**Problem statement**
The copy you produce must repeat each record exactly and contain no pictures.

Data extracted from a collection:
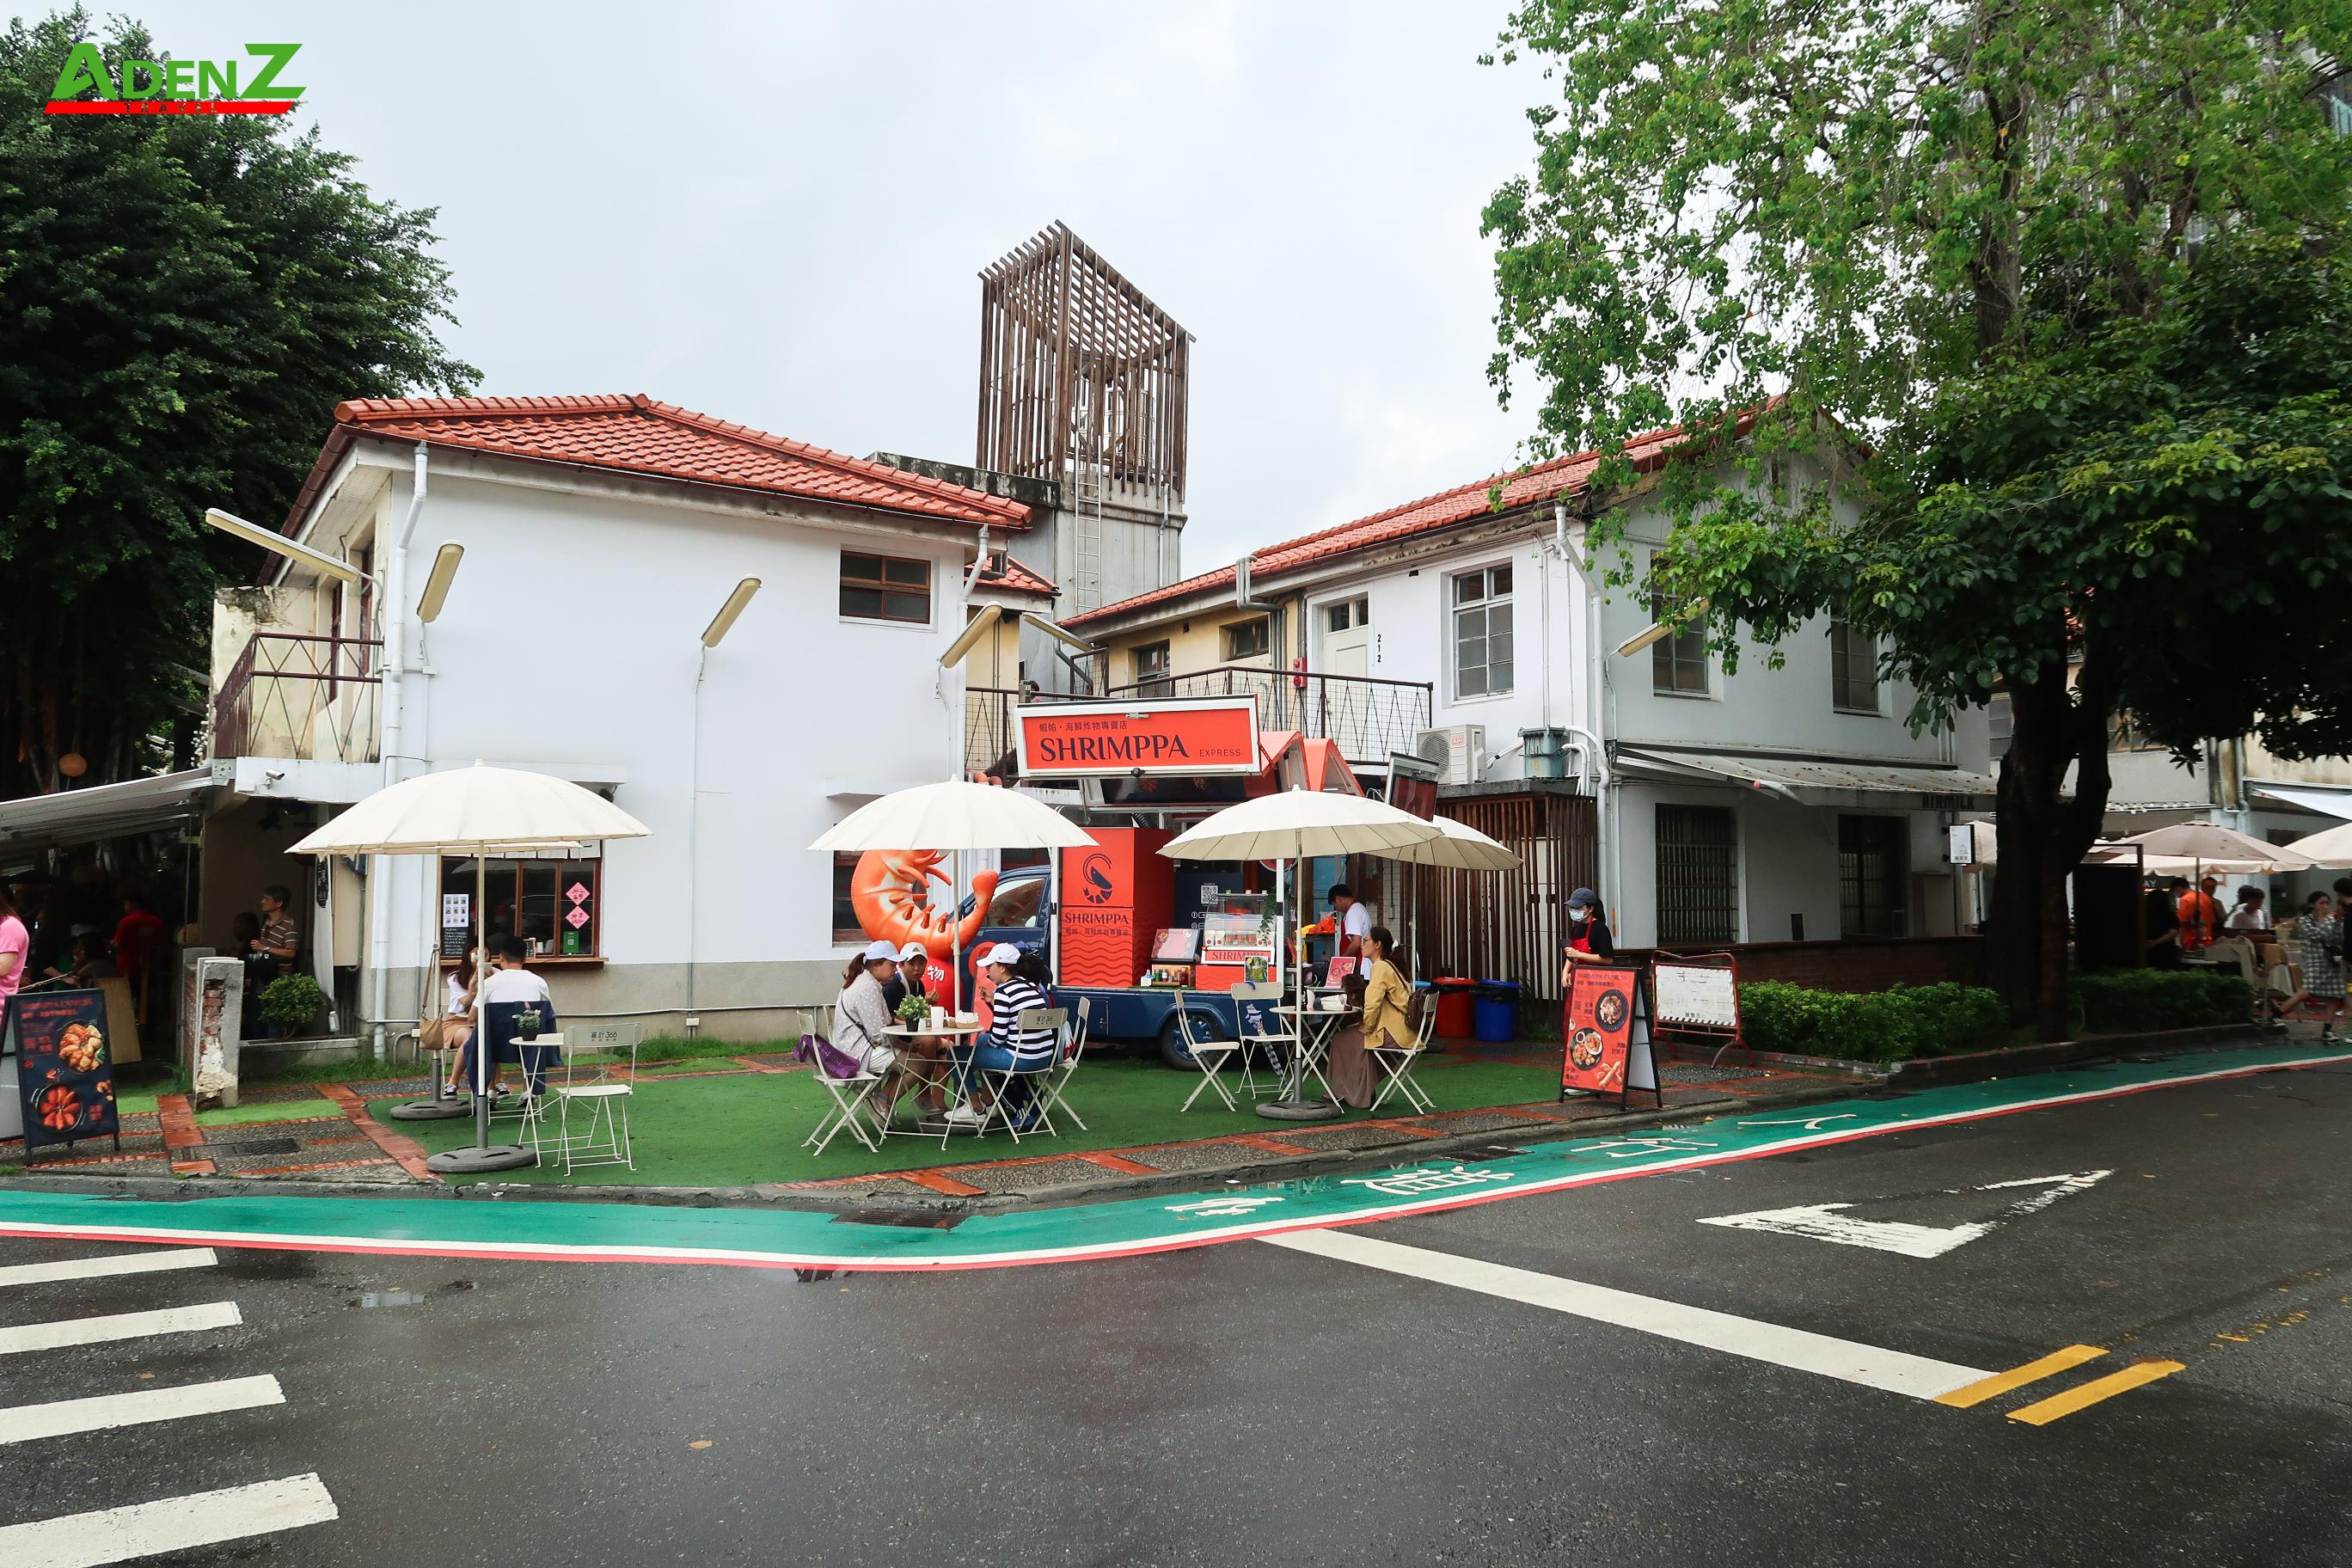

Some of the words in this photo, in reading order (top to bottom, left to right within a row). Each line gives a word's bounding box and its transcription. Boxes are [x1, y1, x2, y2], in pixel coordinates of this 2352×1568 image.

[1039, 734, 1190, 762] SHRIMPPA
[1199, 748, 1241, 757] EXPRESS
[1064, 912, 1130, 925] SHRIMPPA
[1212, 950, 1265, 960] SHRIM

**Written answer**
Some of the words in this photo, in reading order (top to bottom, left to right within a row). Each line gives a word's bounding box and its transcription. Boxes are [x1, y1, x2, y2], in pixel coordinates of this 2352×1568 image.

[1039, 734, 1190, 762] SHRIMPPA
[1199, 748, 1241, 757] EXPRESS
[1064, 912, 1130, 925] SHRIMPPA
[1212, 950, 1265, 960] SHRIM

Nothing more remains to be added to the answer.